Winklevoss’ Gemini Sues DCG and Barry Silbert For Fraud
Winklevoss twins led crypto exchange Gemini has filed a lawsuit against the conglomerate Digital Currency Group (DCG) and its CEO Barry Silbert for allegedly defrauding creditors.
As per the lawsuit, Gemini claims the DCG CEO committed fraud as Genesis attempted to continue the Earn Program despite being “massively insolvent.”
US-based crypto exchange Gemini is the largest creditor of bankrupt crypto lending firm Genesis, the subsidiary of DCG.
The lawsuit comes just three days after Cameron Winklevoss put forward a final proposal for DCG to return over over $1 billion of its customers’ funds.
Gemini Claims Barry Silbert Knew Genesis Was Insolvent
As per the filing, Gemini notified Genesis of terminating its Earn program in October 2022, but Barry personally convinced Gemini to continue the program.
The lawsuit claims the DCG CEO did this knowing Genesis was massively insolvent.
Winklevoss owned exchange is now seeking to recover funds incurred as a result of Silbert’s false, misleading, and incomplete representations to Gemini and DCG’s role "in encouraging and facilitating Genesis’s fraud against Gemini.”
The lawsuit further alleges that when Three Arrows Capital (3AC) collapsed in June 2022, it blew a $1.2 billion hole in Genesis’s balance sheet. But Silbert did not come clean and lied that DCG had stepped in to absorb the losses.

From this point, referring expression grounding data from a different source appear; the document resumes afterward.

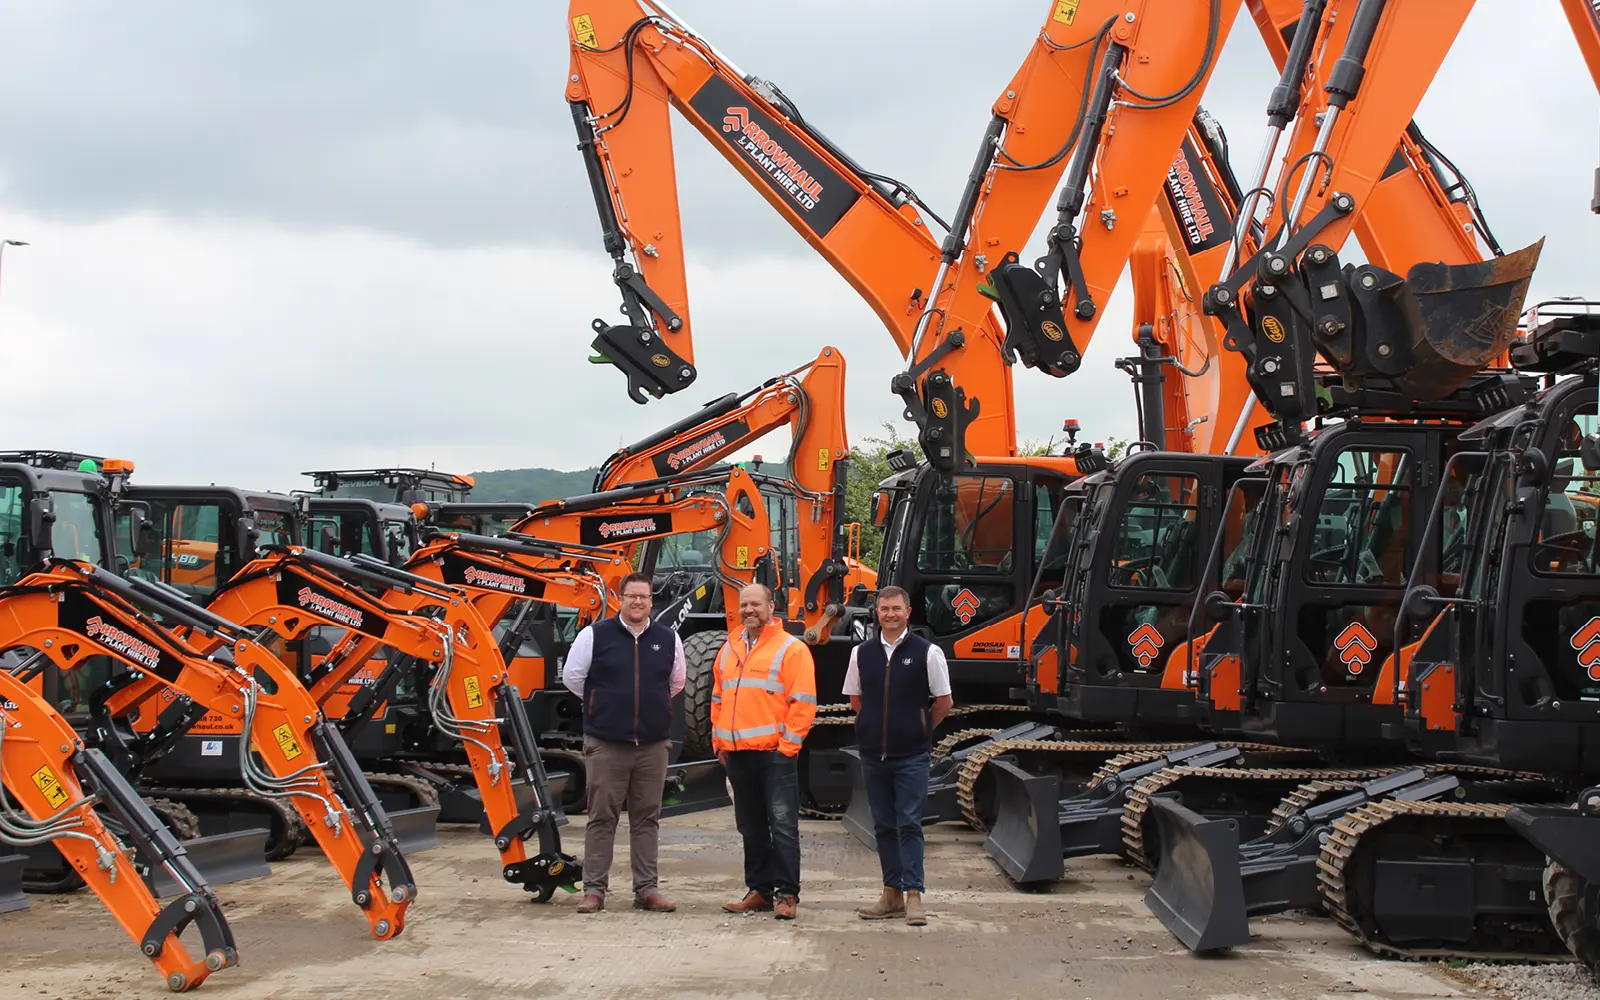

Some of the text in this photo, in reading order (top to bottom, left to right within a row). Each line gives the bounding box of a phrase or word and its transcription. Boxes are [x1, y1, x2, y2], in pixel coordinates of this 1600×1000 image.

[744, 142, 777, 172] PLANT
[773, 169, 799, 195] HIRE
[795, 191, 815, 210] LTD
[1177, 199, 1193, 225] HIRE
[1187, 225, 1201, 244] LTD
[715, 438, 726, 447] LTD
[481, 579, 500, 588] PLANT
[514, 585, 525, 593] LTD
[316, 605, 334, 617] PLANT
[334, 612, 350, 623] HIRE
[349, 619, 362, 627] LTD
[105, 636, 127, 653] PLANT
[126, 648, 145, 662] HIRE
[144, 657, 158, 669] LTD
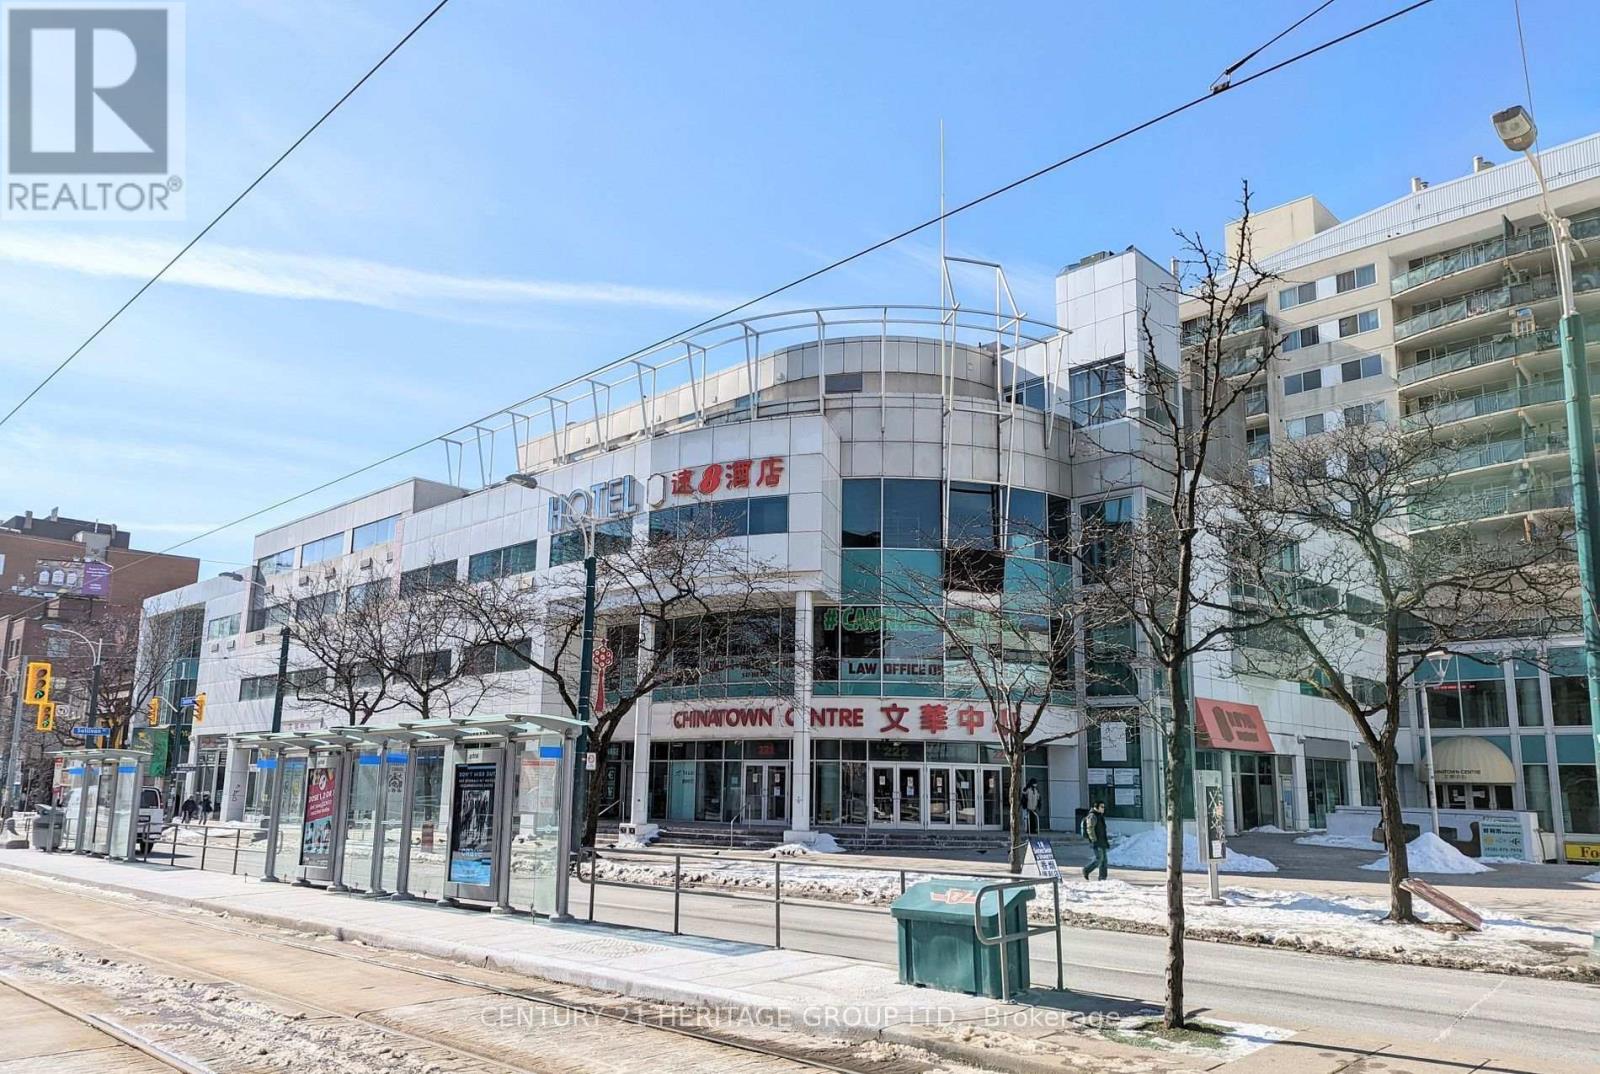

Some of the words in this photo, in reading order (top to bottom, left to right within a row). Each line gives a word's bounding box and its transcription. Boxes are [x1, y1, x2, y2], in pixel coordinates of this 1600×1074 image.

“Barry, DCG, and Genesis all conspired to create false financial reports to hide the truth from Gemini and creditors,” Cameron Winklevoss tweeted sharing the lawsuit in a Twitter thread.
Instead of covering losses of its subsidiary like it informed Gemini, DCG wrote Genesis a 10 year promissory note with 1% interest rate – worth just a fraction of its $1.1 billion face amount, Gemini co-founder revealed in the lawsuit.

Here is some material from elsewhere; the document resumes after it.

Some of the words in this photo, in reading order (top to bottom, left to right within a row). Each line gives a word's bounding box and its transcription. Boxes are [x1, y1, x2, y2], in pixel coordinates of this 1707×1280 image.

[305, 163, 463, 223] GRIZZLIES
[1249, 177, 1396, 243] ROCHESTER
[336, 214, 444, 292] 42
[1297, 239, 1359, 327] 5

The lawsuit does not come as a surprise as the US-based exchange had continuously warned DCG of taking legal action if it did not move to resolve the issue.

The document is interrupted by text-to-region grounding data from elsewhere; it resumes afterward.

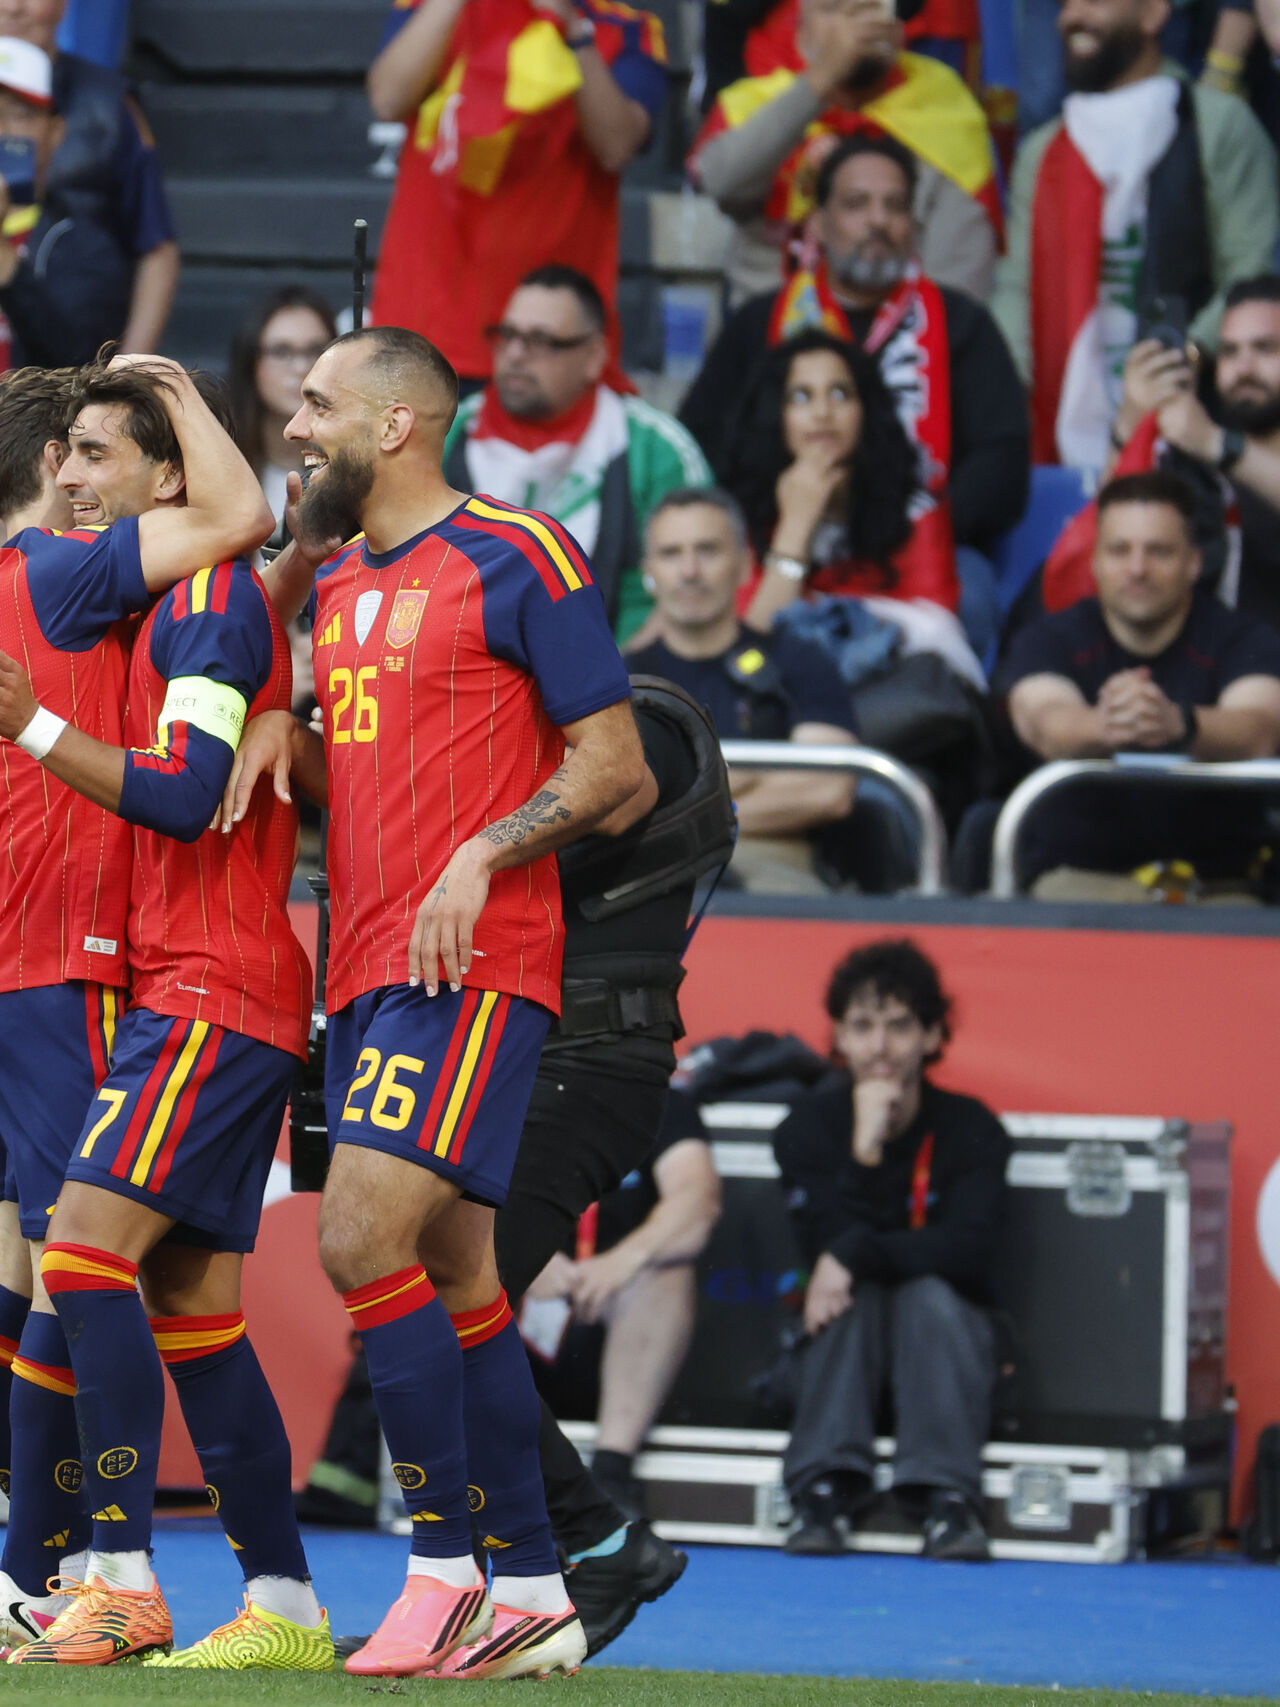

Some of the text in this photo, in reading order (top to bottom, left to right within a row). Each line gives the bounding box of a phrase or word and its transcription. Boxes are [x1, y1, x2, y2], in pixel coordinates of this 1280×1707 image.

[329, 666, 378, 744] 26
[342, 1047, 425, 1131] 26
[79, 1089, 128, 1159] 7
[107, 1453, 129, 1464] RF
[63, 1465, 82, 1477] RF
[107, 1462, 128, 1474] EF
[62, 1475, 80, 1486] EF

US SEC Is Suing Gemini For Its Earn Program
The U.S. Securities and Exchange Commission (SEC) filed a lawsuit in January against Gemini and Genesis for allegedly offering unregistered securities through the exchanges Earn program.
New York State’s Department of Financial Services was also investigating Gemini over its claims about the assets in its Earn lending program.
Apparently, many Gemini users believed that assets in their Earn accounts were protected by the Federal Deposit Insurance Corporation.
As reported earlier in May, Gemini and Genesis requested the court to dismiss the lawsuit brought on by the US SEC.